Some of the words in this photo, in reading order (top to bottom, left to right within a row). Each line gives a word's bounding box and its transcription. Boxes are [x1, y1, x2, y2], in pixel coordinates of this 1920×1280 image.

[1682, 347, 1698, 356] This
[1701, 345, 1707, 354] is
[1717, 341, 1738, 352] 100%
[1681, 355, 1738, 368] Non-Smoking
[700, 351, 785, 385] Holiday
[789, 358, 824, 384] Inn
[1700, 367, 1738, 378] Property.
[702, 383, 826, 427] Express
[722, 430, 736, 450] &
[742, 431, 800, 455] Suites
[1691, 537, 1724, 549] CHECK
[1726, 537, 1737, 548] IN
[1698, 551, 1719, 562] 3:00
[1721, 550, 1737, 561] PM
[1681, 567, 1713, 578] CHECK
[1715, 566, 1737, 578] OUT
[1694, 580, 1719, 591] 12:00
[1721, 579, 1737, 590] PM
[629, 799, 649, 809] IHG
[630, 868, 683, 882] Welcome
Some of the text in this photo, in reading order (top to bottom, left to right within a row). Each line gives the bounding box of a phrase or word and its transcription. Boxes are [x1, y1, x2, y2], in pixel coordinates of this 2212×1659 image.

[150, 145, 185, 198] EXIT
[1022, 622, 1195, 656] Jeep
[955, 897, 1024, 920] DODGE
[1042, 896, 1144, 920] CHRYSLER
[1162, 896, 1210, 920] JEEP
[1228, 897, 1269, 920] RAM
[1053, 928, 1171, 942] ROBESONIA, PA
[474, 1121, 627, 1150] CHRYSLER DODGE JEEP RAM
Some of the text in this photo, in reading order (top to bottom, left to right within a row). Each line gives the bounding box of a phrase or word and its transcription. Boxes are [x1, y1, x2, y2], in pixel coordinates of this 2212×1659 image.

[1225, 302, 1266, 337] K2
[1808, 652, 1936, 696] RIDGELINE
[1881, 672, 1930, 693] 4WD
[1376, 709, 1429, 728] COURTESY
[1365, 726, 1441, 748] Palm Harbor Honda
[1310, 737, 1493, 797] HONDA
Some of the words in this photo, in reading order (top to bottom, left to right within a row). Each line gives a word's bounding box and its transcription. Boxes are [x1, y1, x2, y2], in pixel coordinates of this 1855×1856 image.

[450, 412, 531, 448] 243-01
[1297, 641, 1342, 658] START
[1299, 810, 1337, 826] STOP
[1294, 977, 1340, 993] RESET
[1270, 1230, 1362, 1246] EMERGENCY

### Try it:
Restate each entry above word for word.

### Solution:
Some of the words in this photo, in reading order (top to bottom, left to right within a row). Each line gives a word's bounding box and its transcription. Boxes are [x1, y1, x2, y2], in pixel coordinates of this 1920×1280 image.

[1682, 347, 1698, 356] This
[1701, 345, 1707, 354] is
[1717, 341, 1738, 352] 100%
[1681, 355, 1738, 368] Non-Smoking
[700, 351, 785, 385] Holiday
[789, 358, 824, 384] Inn
[1700, 367, 1738, 378] Property.
[702, 383, 826, 427] Express
[722, 430, 736, 450] &
[742, 431, 800, 455] Suites
[1691, 537, 1724, 549] CHECK
[1726, 537, 1737, 548] IN
[1698, 551, 1719, 562] 3:00
[1721, 550, 1737, 561] PM
[1681, 567, 1713, 578] CHECK
[1715, 566, 1737, 578] OUT
[1694, 580, 1719, 591] 12:00
[1721, 579, 1737, 590] PM
[629, 799, 649, 809] IHG
[630, 868, 683, 882] Welcome
Some of the text in this photo, in reading order (top to bottom, left to right within a row). Each line gives the bounding box of a phrase or word and its transcription. Boxes are [x1, y1, x2, y2], in pixel coordinates of this 2212×1659 image.

[150, 145, 185, 198] EXIT
[1022, 622, 1195, 656] Jeep
[955, 897, 1024, 920] DODGE
[1042, 896, 1144, 920] CHRYSLER
[1162, 896, 1210, 920] JEEP
[1228, 897, 1269, 920] RAM
[1053, 928, 1171, 942] ROBESONIA, PA
[474, 1121, 627, 1150] CHRYSLER DODGE JEEP RAM
Some of the text in this photo, in reading order (top to bottom, left to right within a row). Each line gives the bounding box of a phrase or word and its transcription. Boxes are [x1, y1, x2, y2], in pixel coordinates of this 2212×1659 image.

[1225, 302, 1266, 337] K2
[1808, 652, 1936, 696] RIDGELINE
[1881, 672, 1930, 693] 4WD
[1376, 709, 1429, 728] COURTESY
[1365, 726, 1441, 748] Palm Harbor Honda
[1310, 737, 1493, 797] HONDA
Some of the words in this photo, in reading order (top to bottom, left to right within a row). Each line gives a word's bounding box and its transcription. Boxes are [x1, y1, x2, y2], in pixel coordinates of this 1855×1856 image.

[450, 412, 531, 448] 243-01
[1297, 641, 1342, 658] START
[1299, 810, 1337, 826] STOP
[1294, 977, 1340, 993] RESET
[1270, 1230, 1362, 1246] EMERGENCY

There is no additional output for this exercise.